By Annie Pulley, THE BADGER PROJECT
Open records advocates have landed a major legal victory for transparency in Wisconsin.
In a decision released Tuesday, a Dane County court sided with The Badger Project and its co-plaintiff, the Invisible Institute, a Chicago-based journalism organization, in their lawsuit demanding that the state Department of Justice release the names and work history of every certified law enforcement officer in the state.
“We are pleased with Judge (Rhonda) Lanford’s ruling,” wrote Tom Kamenick, the lead attorney and founder of the Wisconsin Transparency Project, a law firm dedicated to enforcing the state’s open records law. “This decision is a powerful victory for the right of the public to know who has been entrusted with a badge and a gun.”
The journalism organizations filed the lawsuit in 2023 when the state DOJ partially denied their request for the policing data. The department cited safety and privacy concerns, especially for undercover officers. The data requested would include an officer’s name, birthday or birth year, zip code, and his or her work history. Home addresses were not requested.
In response to the denial, The Badger Project and Invisible Institute sued in 2024. The plaintiffs argued that since undercover officers don’t use their true names, releasing them wouldn’t put them in jeopardy.
The state DOJ’s 2023 denial was “unlawful,” the court wrote in the opinion released Tuesday.
Citing an earlier decision, the judge noted that law enforcement officers “necessarily relinquish certain privacy and reputational rights by virtue of the amount of trust society places in them and must be subject to public scrutiny.”

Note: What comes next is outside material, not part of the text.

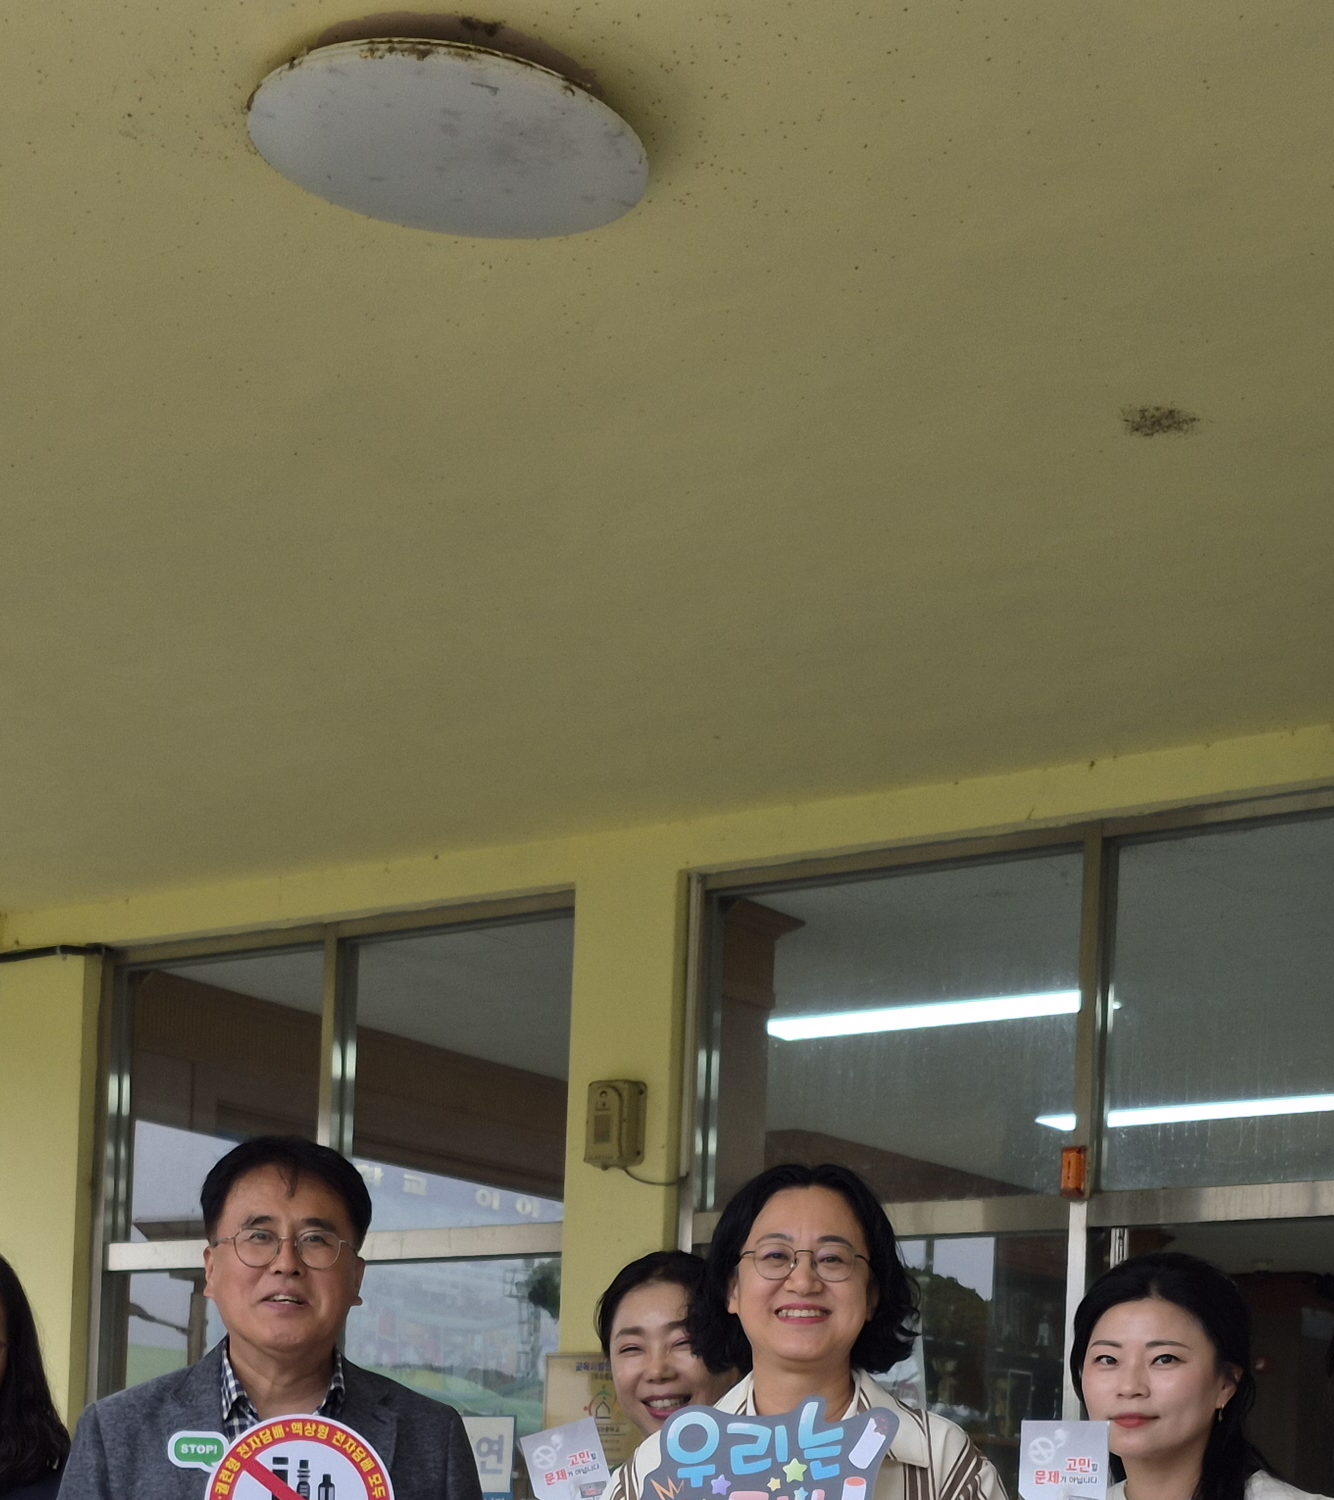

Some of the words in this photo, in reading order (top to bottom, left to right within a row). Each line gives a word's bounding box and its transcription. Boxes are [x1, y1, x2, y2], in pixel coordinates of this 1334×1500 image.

The Wisconsin Department of Justice has consistently denied requests for this list of law enforcement officers over the years, including in 2019, when the Invisible Institute made its first request. That time, the department made an effort to fulfill the request, but eventually rejected it after facing resistance from law enforcement agencies and policing groups, according to documents The Badger Project received during the course of its 2023 lawsuit.

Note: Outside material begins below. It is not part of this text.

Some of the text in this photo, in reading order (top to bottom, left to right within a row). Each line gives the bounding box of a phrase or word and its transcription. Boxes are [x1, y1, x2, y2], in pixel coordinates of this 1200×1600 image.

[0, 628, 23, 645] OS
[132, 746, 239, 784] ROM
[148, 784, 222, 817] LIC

The state DOJ responded to The Badger Project’s request for comment with copies of the agency’s legal briefs filed in 2025.
“Petitioners asked for records that would reveal the identities of approximately 16,000 law enforcement officers in Wisconsin, including officers who work undercover or whose identities warrant protection for other reasons, as well as sensitive information that would create a risk of identity theft,” the state DOJ argued in its brief.

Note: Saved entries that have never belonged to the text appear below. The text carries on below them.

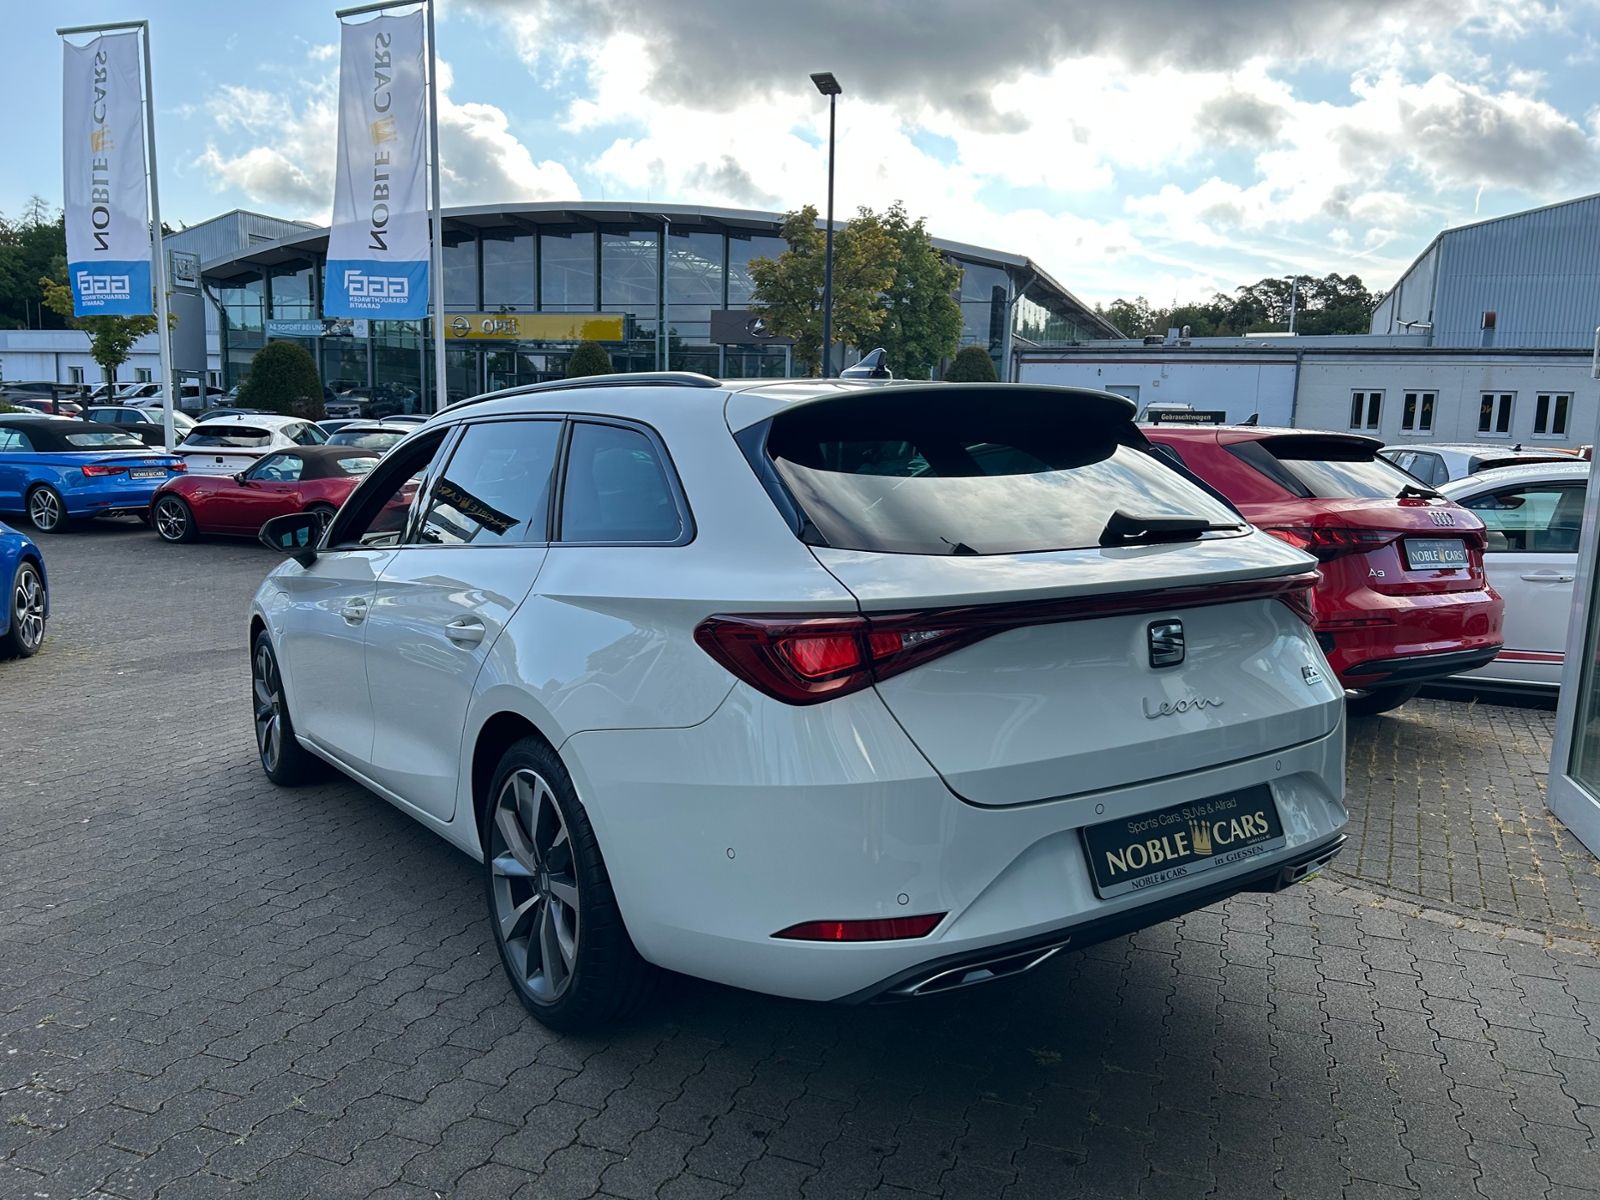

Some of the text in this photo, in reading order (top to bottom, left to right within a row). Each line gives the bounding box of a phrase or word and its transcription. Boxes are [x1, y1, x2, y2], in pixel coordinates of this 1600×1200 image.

[277, 323, 301, 331] SOFORT
[482, 319, 520, 336] OPEL
[1161, 413, 1211, 421] Gebrauchtwagen
[1411, 550, 1464, 562] NOBLE CARS
[1368, 568, 1385, 577] A3
[1142, 697, 1224, 719] Leon
[1127, 797, 1237, 834] Sports Cars, SUVs & Allrad
[1105, 811, 1269, 875] NOBLE CARS
[1131, 845, 1264, 889] NOBLE CARS in GIESSEN

The agency did not respond to a question asking whether the agency would appeal the court’s decision.
The records request stems from the Invisible Institute and its National Police Index project, which seeks to create a national database of police officers throughout the country. Wisconsin was one of 14 states that hadn’t provided the names and work histories of police officers due to legal barriers.
The point of having a comprehensive list is to better track wandering officers – cops and jailers who leave one law enforcement job under negative circumstances just to be hired at another. Especially those who cross state lines.
“So-called ‘wandering officers’ have presented a significant danger to residents of every state, and an impediment to lasting police accountability,” wrote Chaclyn Hunt, the legal director of Invisible Institute, in a statement. “We look forward to making data in Wisconsin accessible on the National Police Index, a tool that Invisible Institute co-created that allows all stakeholders within a given state to view the employment history of officers for their city, town, village or college.”
The lawsuit
The news organizations’ lawsuit was mainly funded by The National Freedom of Information Coalition, through grants from the John S. and James L. Knight Foundation and the Society of Professional Journalists’ Legal Defense Fund.
The suit was argued by Kamenick and Lena Shapiro, director of the University of Illinois College of Law’s First Amendment Clinic.
The Badger Project is a nonpartisan, citizen-supported journalism nonprofit in Wisconsin.